Tuesday, September 21, 2010
Outstanding. (In the Field.)
I admit it. I get easily excited. My expectations about an event—whether it's a birthday, Christmas, vacation, outing—often build to colossal proportions. The problem with having huge expectations is—it can set the stage for disappointment.
So, when I read about a farm dinner in North Carolina, my husband was skeptical. Knowing how my enthusiasm takes flight, he envisioned an overpriced rustic meal, swatting mosquitoes while listening to pretentious foodies debate the merits of arugula versus mizuno. Meanwhile, I fantasized about bonding with farmers and talking tomatoes into the wee hours while sipping wine under the stars.
No amount of imagination could prepare us for our blissed-out reality.
Outstanding in the Field (OITF) is a “roving culinary adventure,” to quote the website. Founded in 1999 by Californian Jim Denevan as a way to connect food lovers with food origins, the elaborate field dinners showcase and honor local farmers, growers, food artisans, and chefs.
Denevan is a dreamer—a chef, land artist, surfer, cowboy-hat-wearing showman. His dinners draw locavores in droves to dine with the folks who raise the meat, grow the tomatoes, bake the bread, and process the cheese. The ingredients for the dinner are local, and diners break bread with the bakers who prepared it.

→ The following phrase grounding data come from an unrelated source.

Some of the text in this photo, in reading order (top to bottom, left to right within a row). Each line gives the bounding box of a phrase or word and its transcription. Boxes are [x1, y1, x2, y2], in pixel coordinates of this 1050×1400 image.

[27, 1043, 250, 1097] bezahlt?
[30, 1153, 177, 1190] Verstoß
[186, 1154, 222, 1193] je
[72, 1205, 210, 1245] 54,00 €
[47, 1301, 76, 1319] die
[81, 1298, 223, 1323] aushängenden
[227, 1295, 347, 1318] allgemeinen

Denevan and his crew travel the country via the OITF bus, with dinners originating each season in California, cruising their way across the country, then heading back to home base. In the 2010 season, OITF will host 68 dinners, with the majority of the events sold out.

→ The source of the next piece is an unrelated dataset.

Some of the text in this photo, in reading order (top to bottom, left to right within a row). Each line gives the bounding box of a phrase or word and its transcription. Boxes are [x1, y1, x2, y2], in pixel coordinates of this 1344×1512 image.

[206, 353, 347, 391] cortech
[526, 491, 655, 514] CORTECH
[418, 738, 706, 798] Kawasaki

Central to the experience is the long table. It stretches throughout fields, curves within coves, and serpentines through stalks. The long table awaits, outfitted in stark white cloth, spare and minimal to showcase the surroundings. And the food. Oh my. The food.
After dropping the kids off at my sister's house, we raced two hours into Marshall, North Carolina, winding our way up mountains...and wondering how we'd survive our way down after a wine-laden meal. Passing pristine farms and those harboring an abundance of old tires in front yards, we followed the signs to East Fork Farm...waiting for the mountains to open up to farmland.

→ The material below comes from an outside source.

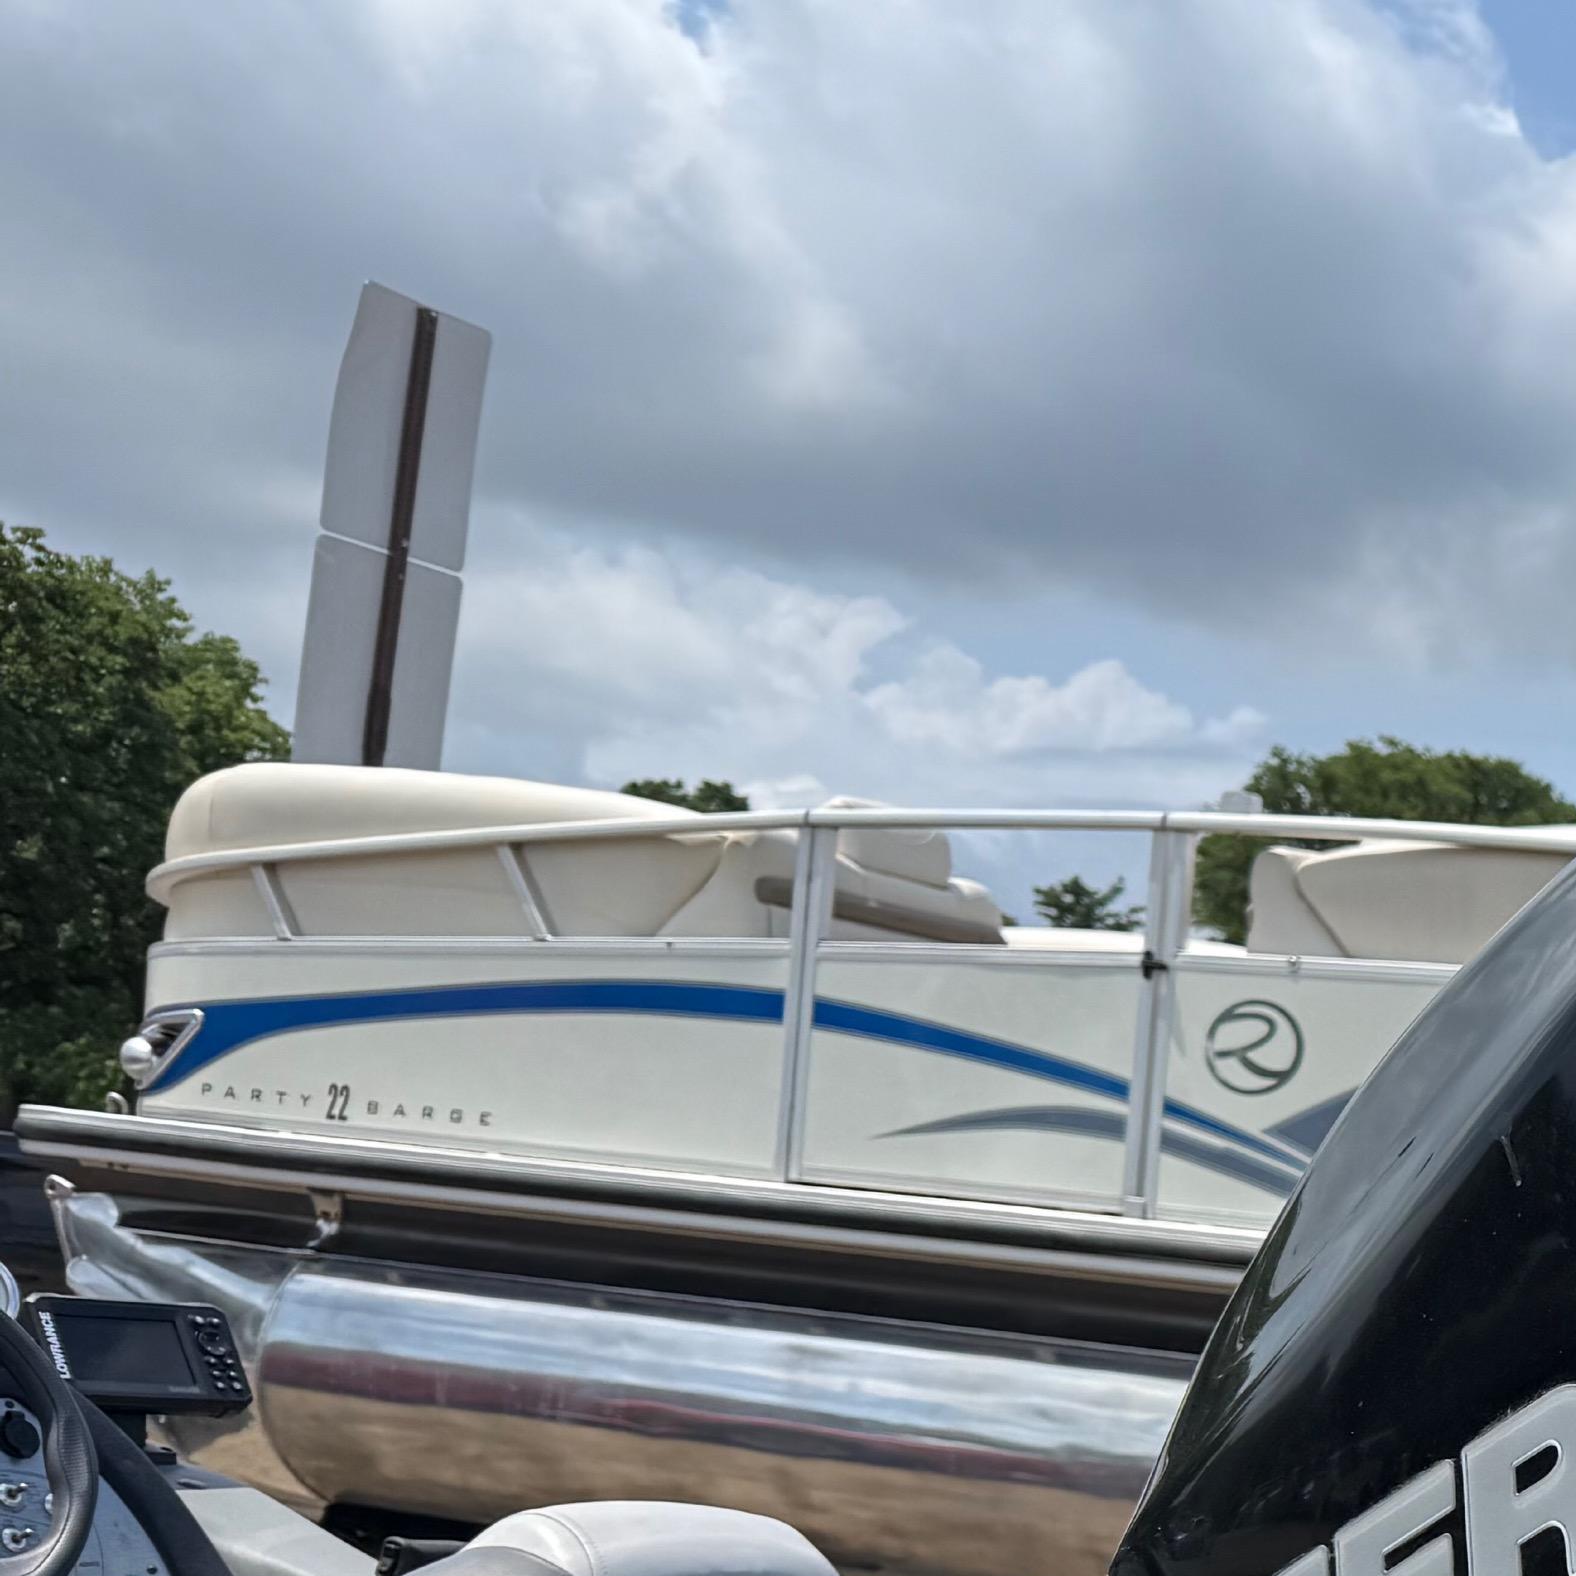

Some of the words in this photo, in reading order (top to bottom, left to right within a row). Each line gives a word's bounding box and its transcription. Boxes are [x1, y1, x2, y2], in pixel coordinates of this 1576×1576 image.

[200, 1082, 312, 1108] PARTY
[325, 1082, 351, 1121] 22
[366, 1100, 493, 1127] BARGE
[38, 1311, 72, 1380] LOWRANCE

Of course, when you raise sheep, you don't really require a flat field. Instead, we parked and walked up a hilly road, where our chauffeur awaited.
There's something about a tractor ride that just makes people immediately friendly. Maybe it's the fact that you're basically sitting on a stranger's lap, or maybe it's the intertwining of arms around shoulders to brace for those rough bumps, hoping that your Secret Powder-fresh Scent holds out. Maybe it's the determination to have a great time, based of the price of the tickets. Whatever it is, we became buddies with our tractor-mates before the first sip of wine.
Surprisingly, especially for those of you who know us—we were among the first diners to arrive. Which provided ample opportunity to chat, drink, and start snacking.
Our first little tasty treat originated a few feet from our gathering place. While we waited for all of the guests to arrive, we gathered in a field near a sheep-filled enclosure, which overlooked a smallish pond. Which had trout.
Which turned into smoked trout rillettes.
We knew after that first bite my expectations were totally realistic.
The farm (and family).
Have you ever met someone and knew that if only you lived next door, that person would be your instant best friend? Have you ever looked at a child and thought how much she loves everything your own child adores? Did you ever just want to throw rational thinking into the pond with the trout and pick up and move?
Huh. I realize I sound a little stalker-ish.
Honestly, though, you would understand if you met the Robertson family. Stephen, Dawn, and their adorable girls welcomed us to their farm as if we were their dearest friends. Of course, there were 120 diners, so I suppose I'd have competition to be Dawn's new BFF.
East Fork Farm, the Robertson's home and livelihood, is located in the mountains of Madison County, NC, about 25 miles north of Asheville. The farm produces pasture-raised lamb, free-range poultry, rabbit (of which they are developing a prototype for a free-range environment,) and pond-raised trout. All products are free from added hormones or antibiotics, and the farm is certified Animal Welfare Approved.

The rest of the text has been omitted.